== Data shown

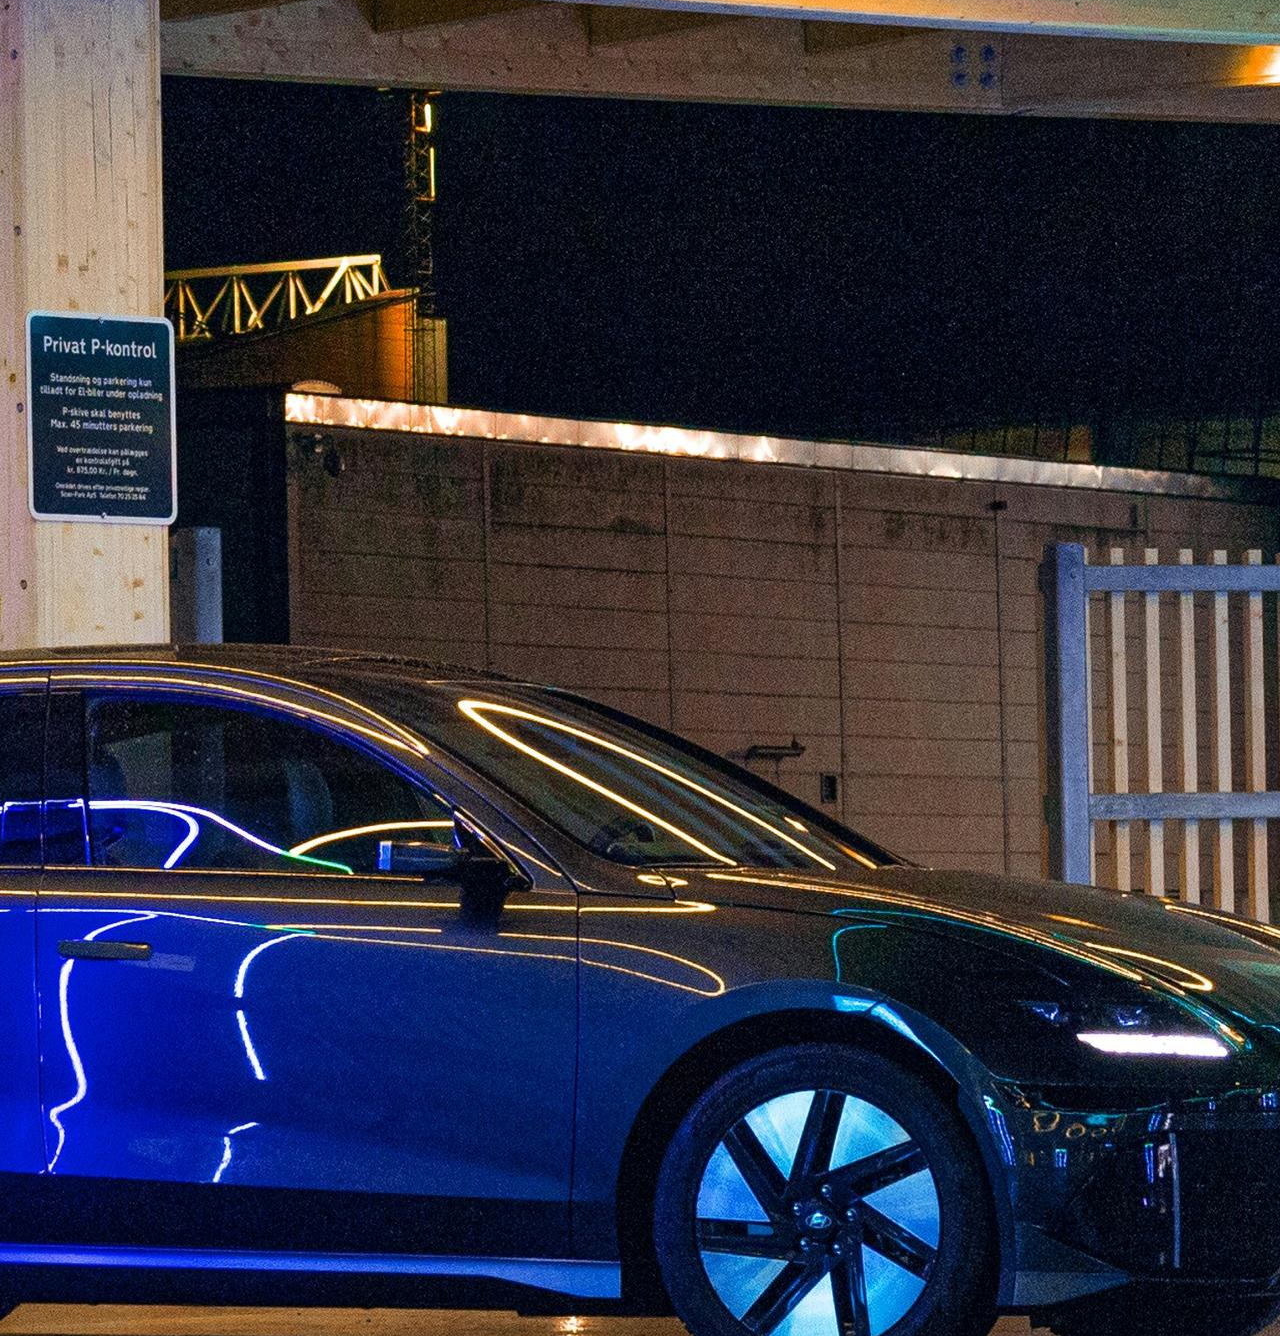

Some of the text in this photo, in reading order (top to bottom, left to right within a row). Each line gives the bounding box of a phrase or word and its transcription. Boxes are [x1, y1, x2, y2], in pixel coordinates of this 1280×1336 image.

[43, 335, 158, 359] Privat P-kontrol
[50, 372, 152, 388] Standsning og parkering kun
[40, 385, 163, 401] tilladt for El-biler under opladning
[62, 407, 141, 421] P-skive skal benyttes
[50, 419, 153, 434] Max. 45 minutters parkering

====

### Problem requirements
Every entry above is to be transcribed exactly, with all pictures left out.

### Written response
Some of the text in this photo, in reading order (top to bottom, left to right within a row). Each line gives the bounding box of a phrase or word and its transcription. Boxes are [x1, y1, x2, y2], in pixel coordinates of this 1280×1336 image.

[43, 335, 158, 359] Privat P-kontrol
[50, 372, 152, 388] Standsning og parkering kun
[40, 385, 163, 401] tilladt for El-biler under opladning
[62, 407, 141, 421] P-skive skal benyttes
[50, 419, 153, 434] Max. 45 minutters parkering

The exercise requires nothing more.